▶ _Required work_
With the pictures set aside, write out all of the data exactly as it stands.

- - - - -

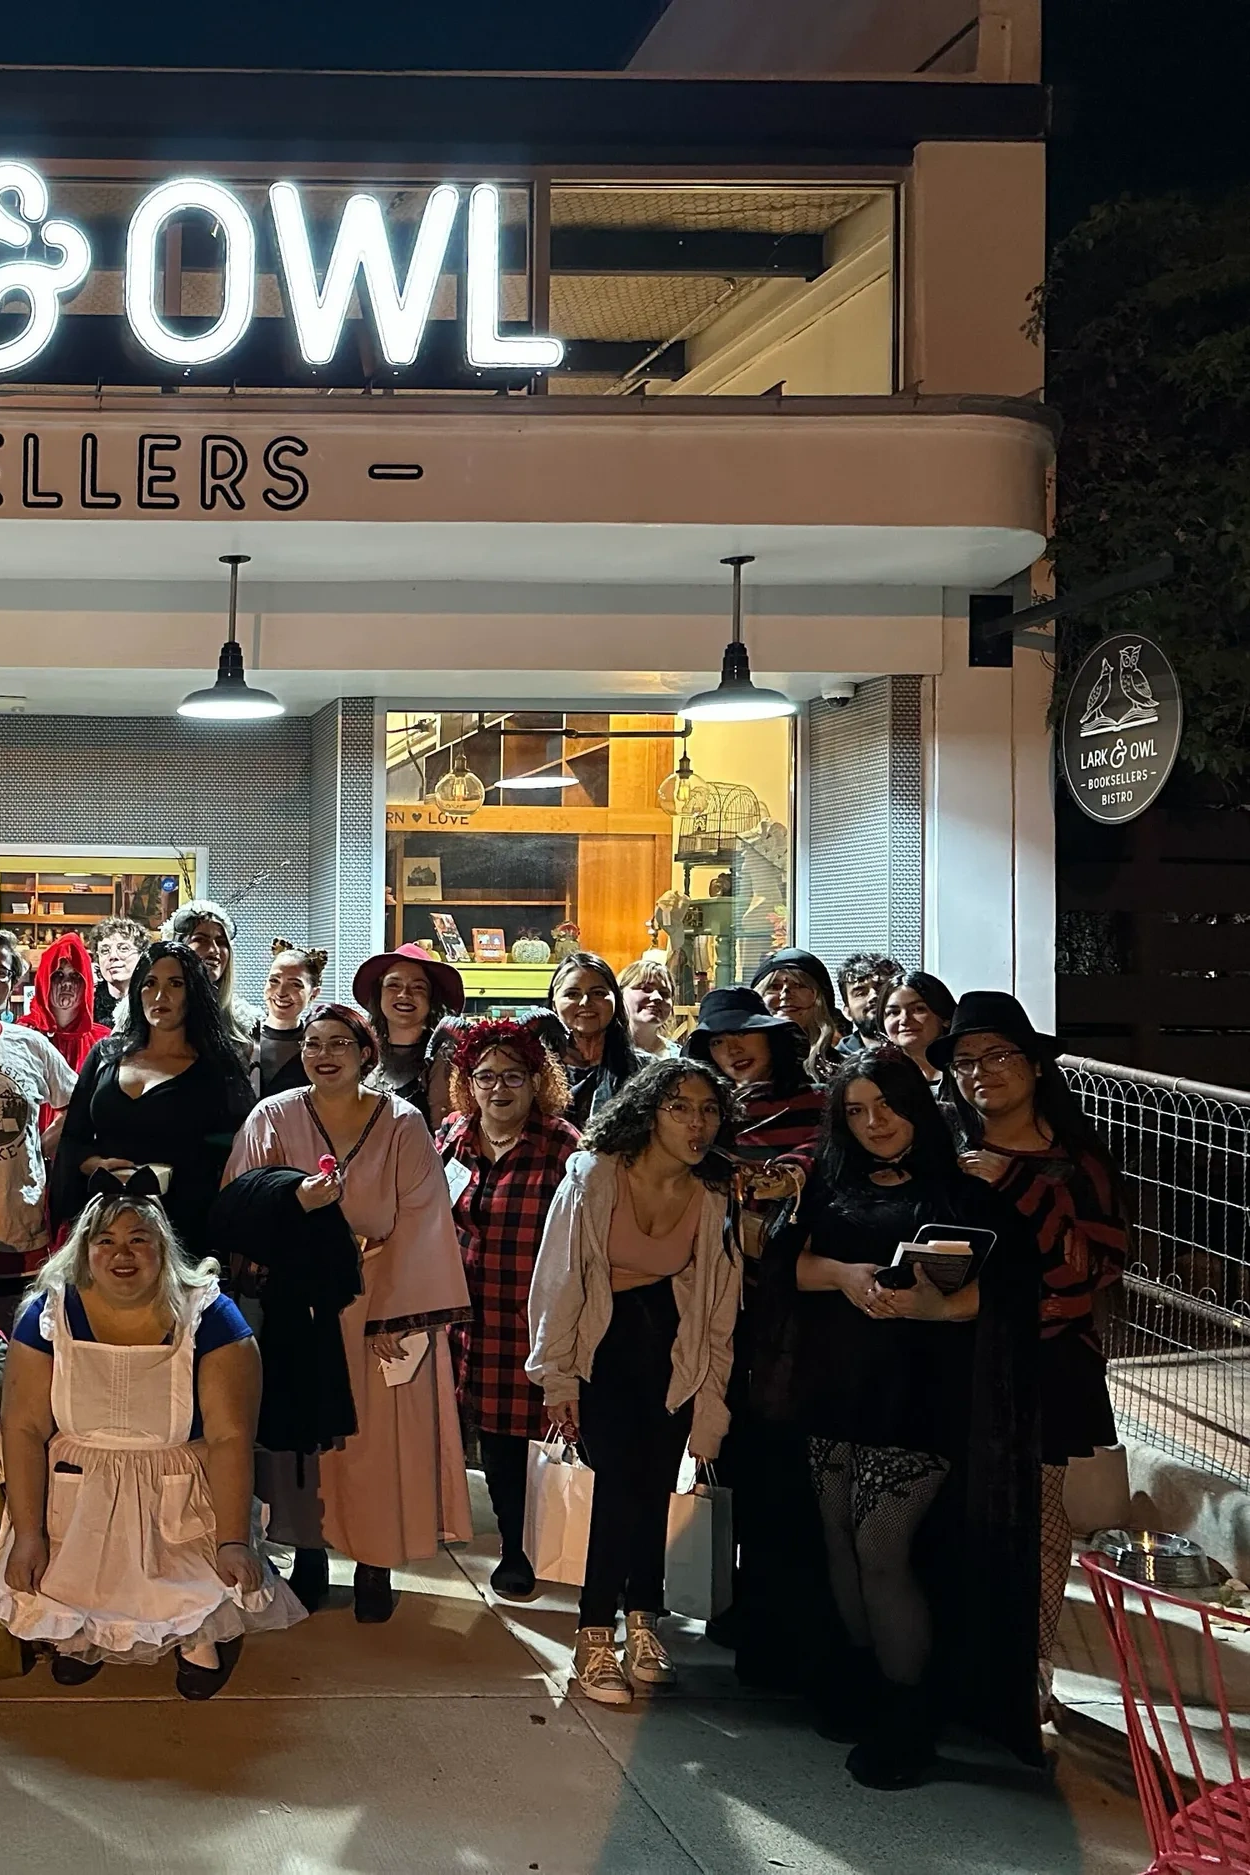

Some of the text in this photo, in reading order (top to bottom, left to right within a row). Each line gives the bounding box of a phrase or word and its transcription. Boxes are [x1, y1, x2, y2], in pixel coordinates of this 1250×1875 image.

[124, 176, 566, 369] OWL
[1080, 738, 1158, 770] LARK & OWL
[1088, 770, 1148, 790] BOOKSELLERS
[1101, 790, 1133, 806] BISTRO
[428, 811, 469, 825] LOVE
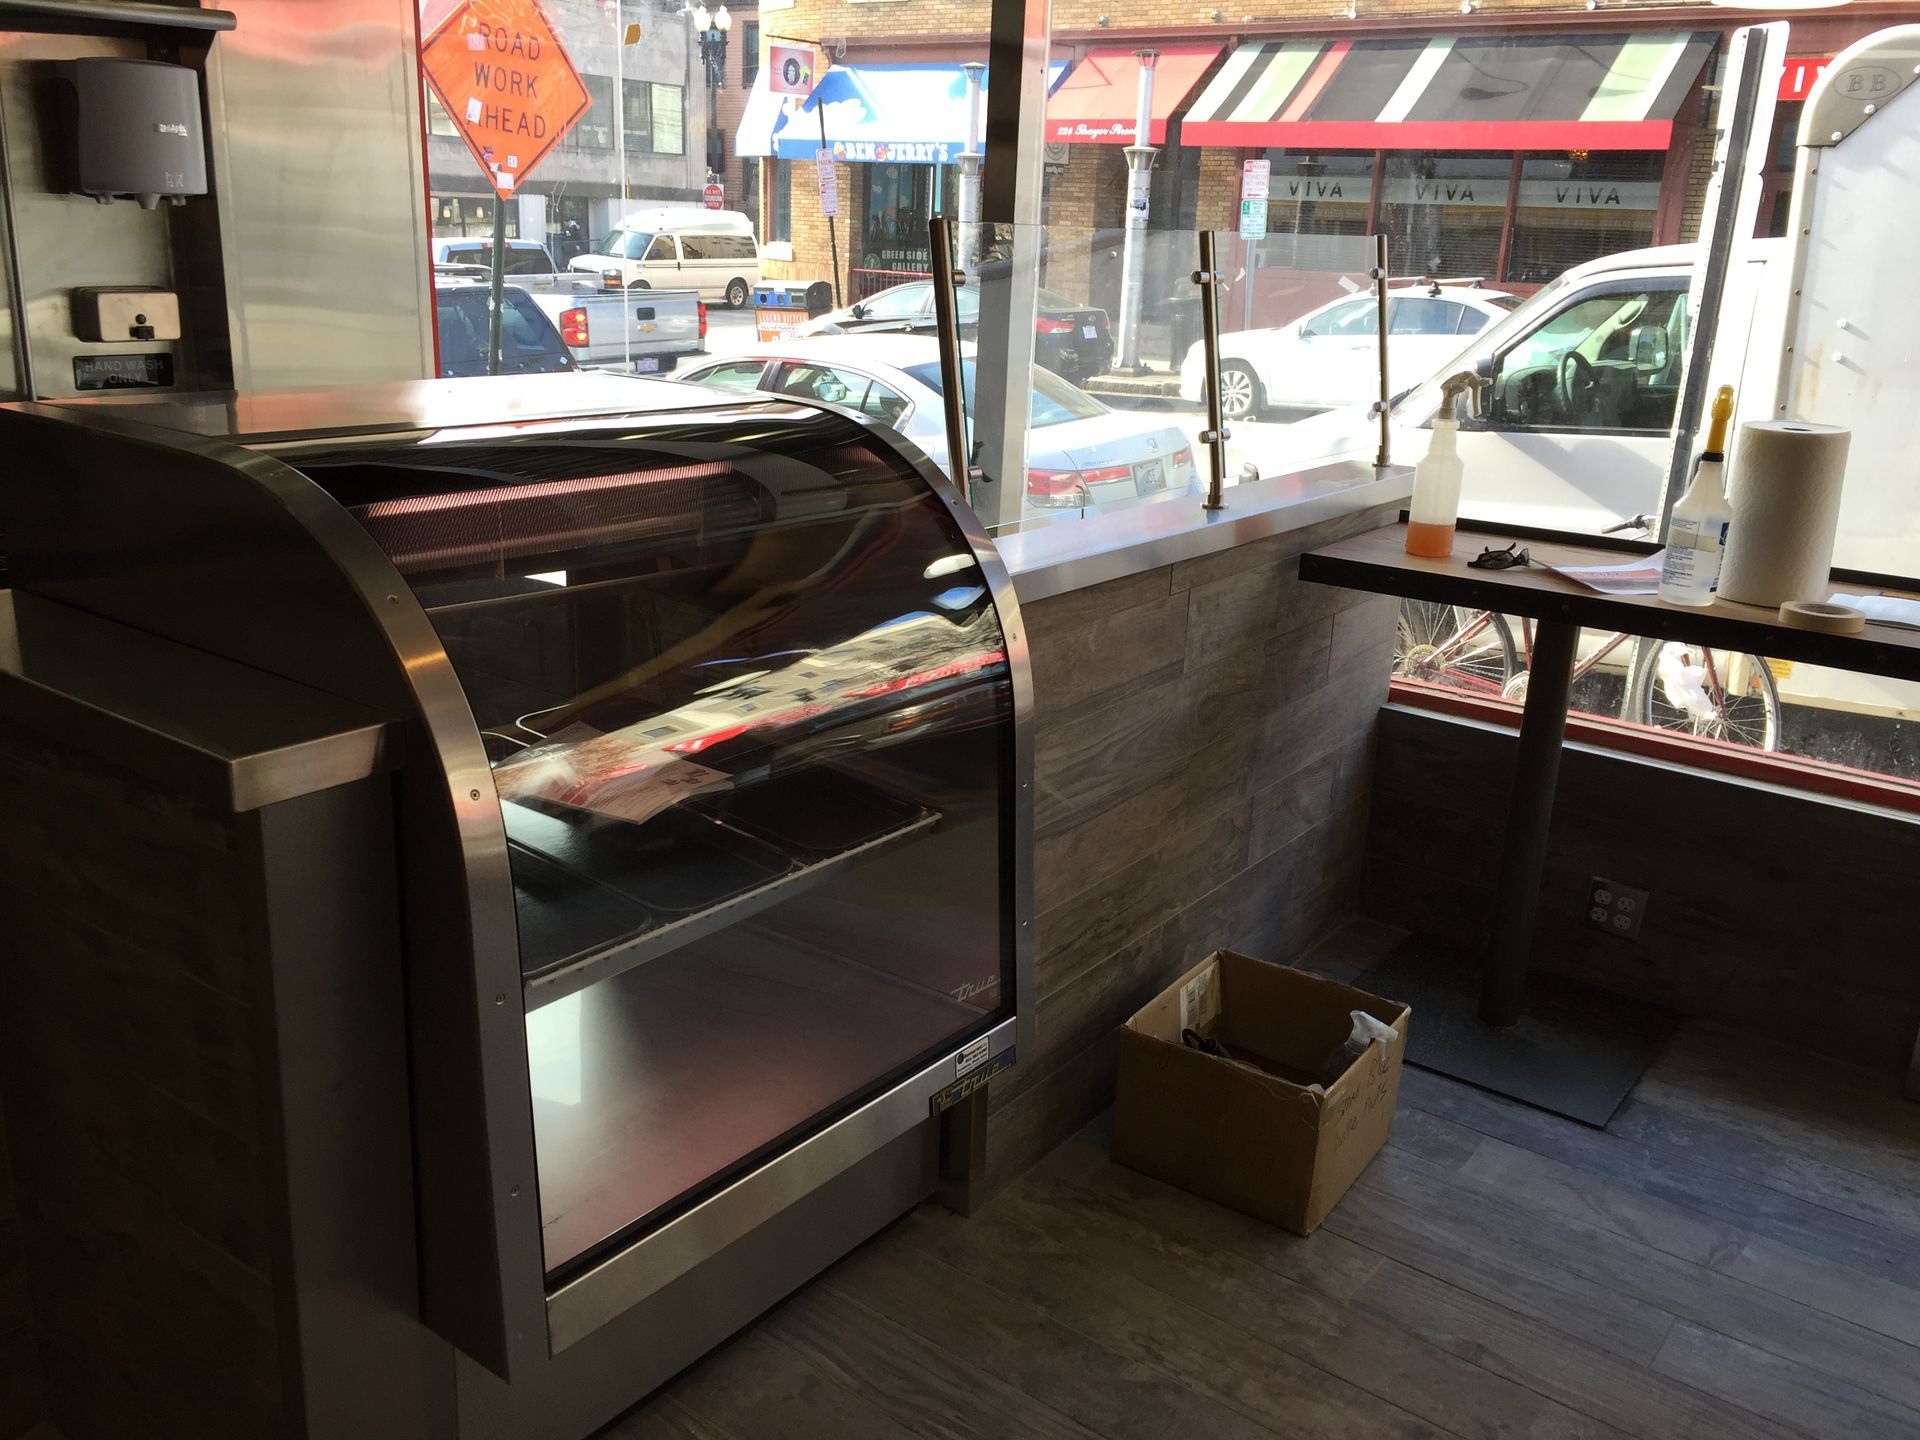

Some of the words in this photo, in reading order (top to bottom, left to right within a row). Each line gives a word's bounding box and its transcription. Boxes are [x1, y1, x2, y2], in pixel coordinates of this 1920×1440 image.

[478, 22, 540, 61] ROAD
[474, 61, 539, 99] WORK
[467, 104, 546, 139] HEAD
[1056, 126, 1073, 136] 224
[1074, 123, 1109, 139] Thayer
[845, 142, 876, 160] BEN
[886, 142, 949, 162] JERRY'S
[1288, 180, 1344, 198] VIVA
[1415, 183, 1476, 202] VIVA
[1555, 186, 1622, 206] VIVA
[881, 249, 905, 260] GREEN
[906, 249, 929, 260] SIDE
[891, 261, 930, 273] GALLERY
[85, 360, 121, 372] HAND
[126, 359, 163, 371] WASH
[108, 372, 145, 384] ONLY
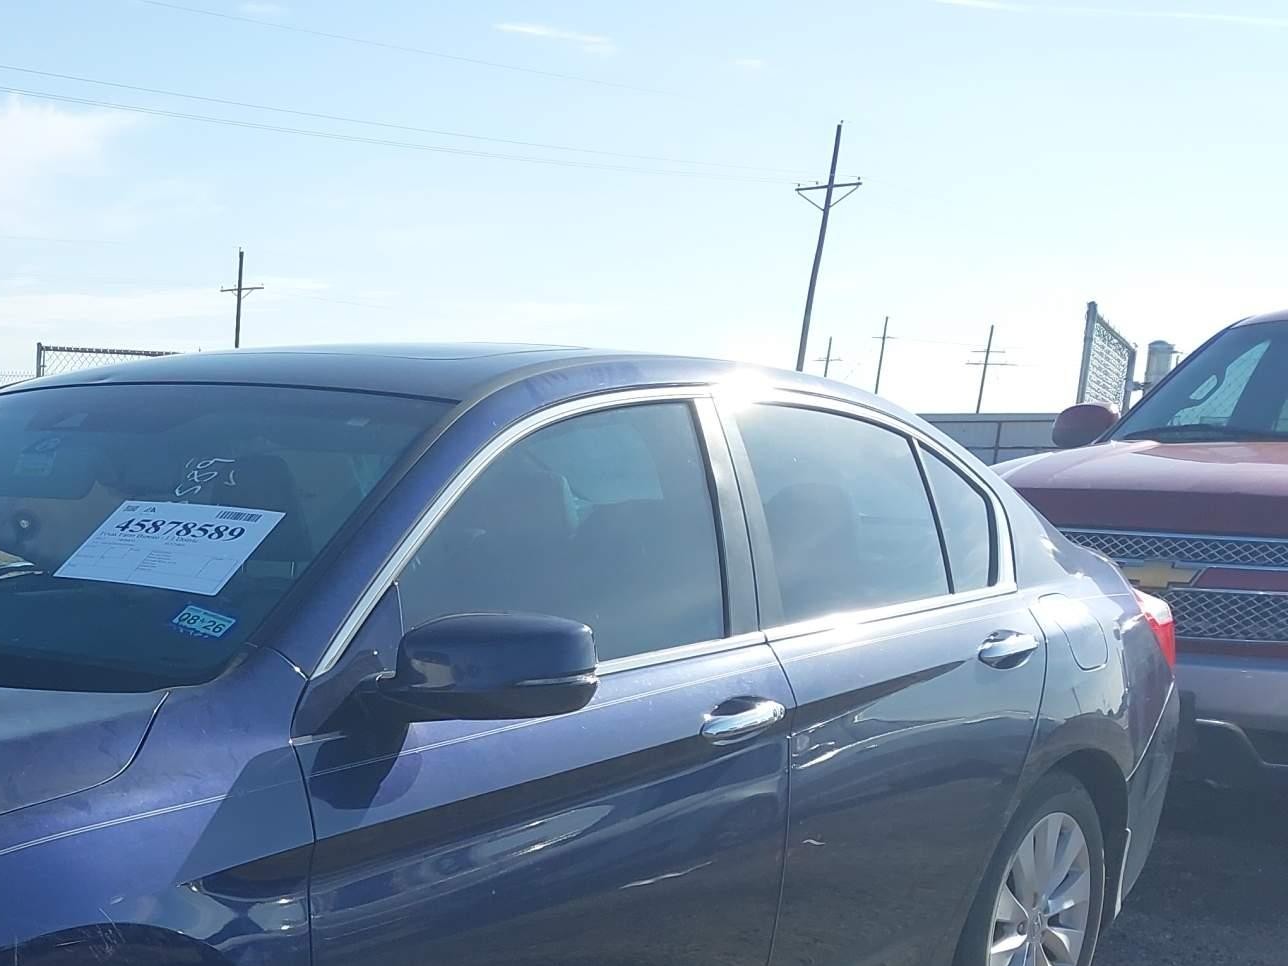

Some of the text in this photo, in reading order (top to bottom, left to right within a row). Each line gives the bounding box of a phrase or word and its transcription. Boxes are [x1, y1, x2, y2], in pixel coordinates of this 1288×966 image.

[115, 518, 246, 542] 45878589
[178, 612, 226, 633] 08 26

- - - - -

▶ _Finished exercise_
Some of the text in this photo, in reading order (top to bottom, left to right within a row). Each line gives the bounding box of a phrase or word and its transcription. Boxes are [x1, y1, x2, y2], in pixel coordinates of this 1250×1875 image.

[124, 176, 566, 369] OWL
[1080, 738, 1158, 770] LARK & OWL
[1088, 770, 1148, 790] BOOKSELLERS
[1101, 790, 1133, 806] BISTRO
[428, 811, 469, 825] LOVE

Some of the words in this photo, in reading order (top to bottom, left to right within a row). Each line gives a word's bounding box and its transcription. Boxes are [x1, y1, x2, y2], in pixel coordinates of this 1920×1440 image.

[478, 22, 540, 61] ROAD
[474, 61, 539, 99] WORK
[467, 104, 546, 139] HEAD
[1056, 126, 1073, 136] 224
[1074, 123, 1109, 139] Thayer
[845, 142, 876, 160] BEN
[886, 142, 949, 162] JERRY'S
[1288, 180, 1344, 198] VIVA
[1415, 183, 1476, 202] VIVA
[1555, 186, 1622, 206] VIVA
[881, 249, 905, 260] GREEN
[906, 249, 929, 260] SIDE
[891, 261, 930, 273] GALLERY
[85, 360, 121, 372] HAND
[126, 359, 163, 371] WASH
[108, 372, 145, 384] ONLY

Some of the text in this photo, in reading order (top to bottom, left to right within a row). Each line gives the bounding box of a phrase or word and its transcription. Boxes are [x1, y1, x2, y2], in pixel coordinates of this 1288×966 image.

[115, 518, 246, 542] 45878589
[178, 612, 226, 633] 08 26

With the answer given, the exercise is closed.